Aim of the task: Each entry that follows should be set down precisely, with its pictures removed.

[Entries taken from a collection]
━━━

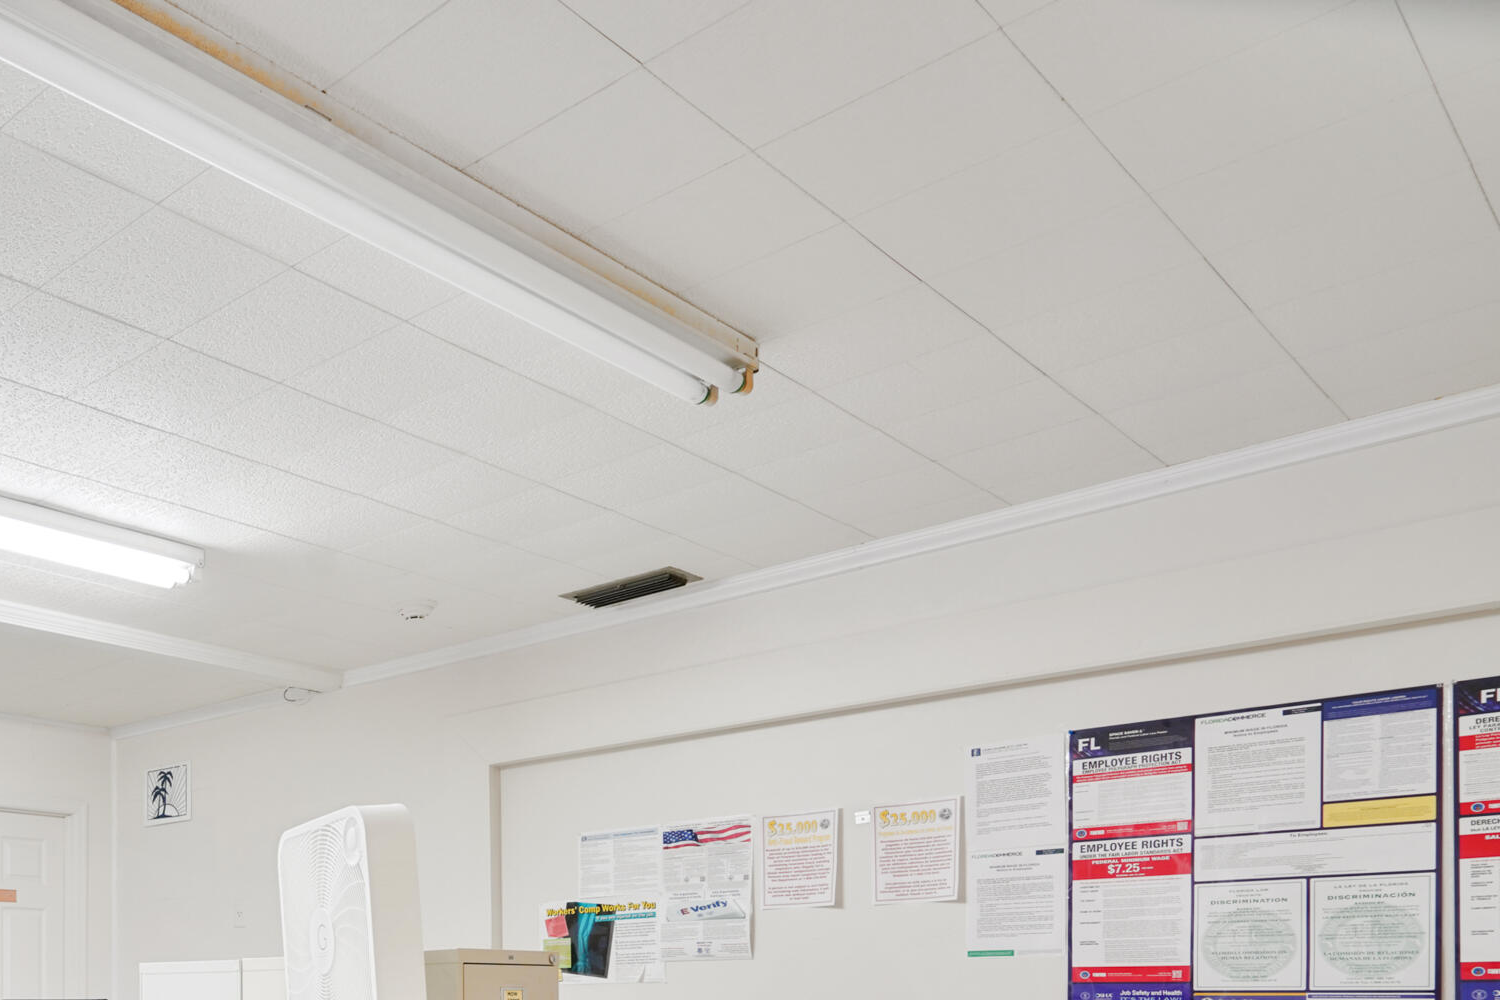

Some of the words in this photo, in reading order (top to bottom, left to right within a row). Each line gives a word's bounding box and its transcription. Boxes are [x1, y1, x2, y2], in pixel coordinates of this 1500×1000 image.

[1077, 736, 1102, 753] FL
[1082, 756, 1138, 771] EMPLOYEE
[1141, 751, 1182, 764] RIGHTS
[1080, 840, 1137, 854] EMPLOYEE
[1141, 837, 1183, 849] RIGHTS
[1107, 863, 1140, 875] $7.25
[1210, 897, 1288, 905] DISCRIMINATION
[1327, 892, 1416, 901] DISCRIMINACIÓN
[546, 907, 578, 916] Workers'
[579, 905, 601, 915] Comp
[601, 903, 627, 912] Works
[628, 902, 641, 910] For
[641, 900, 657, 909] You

━━━

Exercise answer:
Some of the words in this photo, in reading order (top to bottom, left to right within a row). Each line gives a word's bounding box and its transcription. Boxes are [x1, y1, x2, y2], in pixel coordinates of this 1500×1000 image.

[1077, 736, 1102, 753] FL
[1082, 756, 1138, 771] EMPLOYEE
[1141, 751, 1182, 764] RIGHTS
[1080, 840, 1137, 854] EMPLOYEE
[1141, 837, 1183, 849] RIGHTS
[1107, 863, 1140, 875] $7.25
[1210, 897, 1288, 905] DISCRIMINATION
[1327, 892, 1416, 901] DISCRIMINACIÓN
[546, 907, 578, 916] Workers'
[579, 905, 601, 915] Comp
[601, 903, 627, 912] Works
[628, 902, 641, 910] For
[641, 900, 657, 909] You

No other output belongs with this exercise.